On the eve of the second meeting to impose that decision, all of a sudden something had changed. I learned that the NACODS leadership had inexplicably reneged on that agreement. For the first time in living memory, the Trades Union Congress (TUC) leadership urged NACODS to go on strike. They ignored it, and, as a result, signed an arrangement that led to the decimation of the mining industry.
Back to Work
But in the area that mattered, we, as the NUM, continued to fight. We determined our position on 21 February 1985 that we would continue the strike until the government gave way and reached an agreement. Inexplicably, by 28 February — one week later — five areas wrote to the NUM general secretary Peter Heathfield asking for a recall conference to agree an immediate return to work without a settlement.
That conference took place on 3 March 1985. The NEC position was clear: I made it absolutely clear that the NEC was bound by the decision of the members at the conference on 21 February that the strike should continue. The conference itself asked us to adjourn and reconsider. In the NEC meeting, a vote was taken: twelve delegates voted to end the strike and twelve areas, including Yorkshire, opposed it and said we should continue the strike.

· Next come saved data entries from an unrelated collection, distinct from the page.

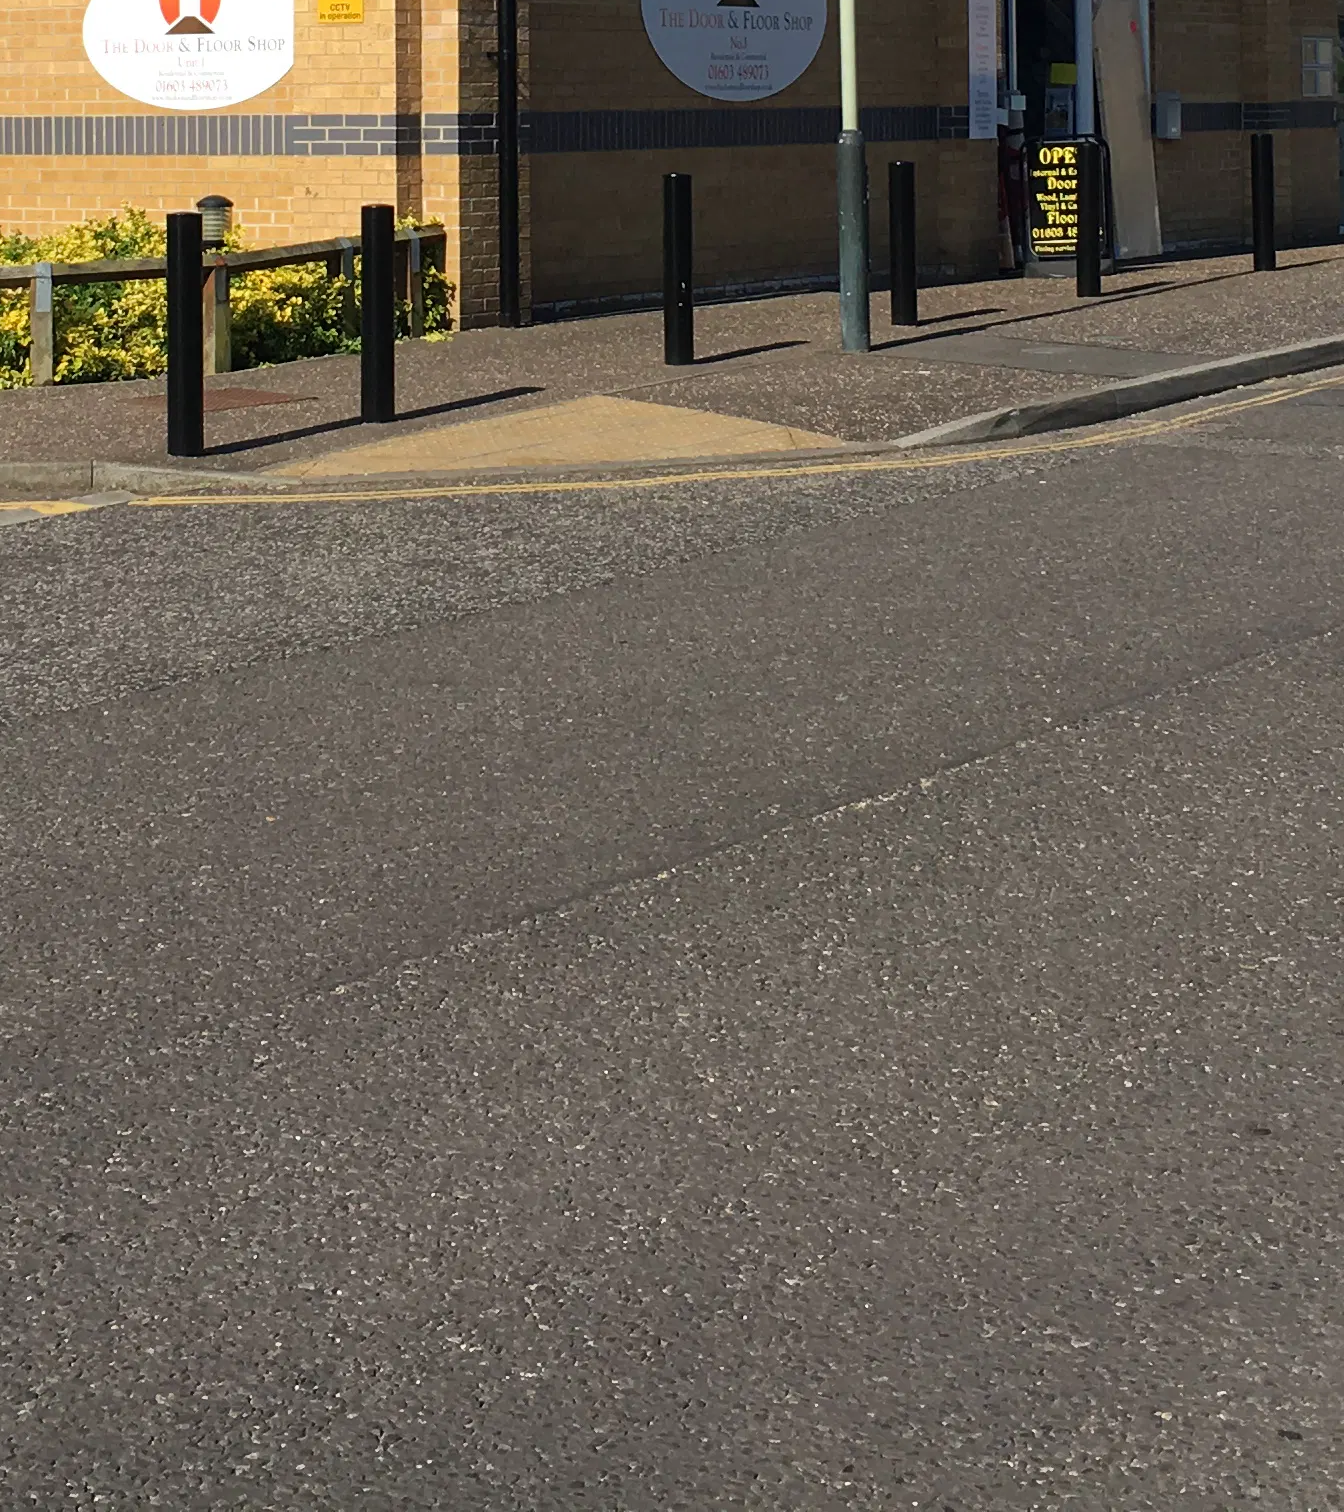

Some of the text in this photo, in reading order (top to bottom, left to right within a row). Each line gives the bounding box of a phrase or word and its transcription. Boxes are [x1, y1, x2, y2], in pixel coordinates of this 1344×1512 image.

[329, 3, 351, 11] CCTV
[328, 12, 361, 21] operation
[659, 8, 814, 31] THE DOOR & FLOOR SHOP
[104, 35, 286, 54] THE DOOR & FLOOR SHOP
[1039, 146, 1078, 164] OPE
[1047, 177, 1078, 190] Door
[1047, 211, 1078, 224] Floo

I’ve been asked time and time again why I didn’t cast a vote. I’ll tell you why — because I’m not bloody daft. They wanted me to cast a vote. If I had cast a vote in favour of the Welsh area to call off the strike, I could never have lived with myself. And if I’d have passed a vote in favour of the Yorkshire resolution, I would have been defeated in the conference, and the headlines would have been ‘Scargill Defeated’.
So, I made it clear that the areas who wanted to move a resolution should move their own. The areas that did moved a return to work for South Wales, supported by Durham and the other ten. The rest of us were against. For the record, Mick McGahey, Peter Heathfield, and Arthur Scargill made clear that we were in favour of continuing the strike until we won. If the WAPC had a vote, its members would still be out.
A Monument
At the centenary of the 1893 Featherstone Massacre, I did the oration and unveiled the monument to that terrible massacre. Those men were shot in the back — one man died instantly in Featherstone, and one man in Wakefield the day after, which meant there were two inquests. At the inquest in Wakefield, the judge said that they were ‘justifiable homicides’ — in other words, the South Derbyshire Regiment was justified in shooting.
The members of the second inquest of Featherstone were recommended by the judge to find a similar decision. To their eternal credit, they didn’t. They recorded a verdict of murder against those men, and they’ve gone down in history as heroes of our class. Recently, I went to Featherstone to pay homage to those lads who lie in that cemetery. The people who called the ‘riot squad’ — the people who called out the regiment who shot them — lie unattended, unrecognised, forgotten. But these two brave men who gave their lives, together with dozens of others who were injured, are remembered today as heroes of the working class.
James Connolly and Jim Larkin are real heroes of mine. I don’t know how many people know that Larkin spoke at the graveside of the legendary Joe Hill, the American trade unionist who was framed on a murder charge. Larkin said, ‘Build no monument — he doesn’t need one. His life, his commitment, his principle in itself is a monument.’ I’m now 86 years of age; and from the age of 16, I have never swerved one inch from my commitment to my class, to socialism, and to the trade union movement.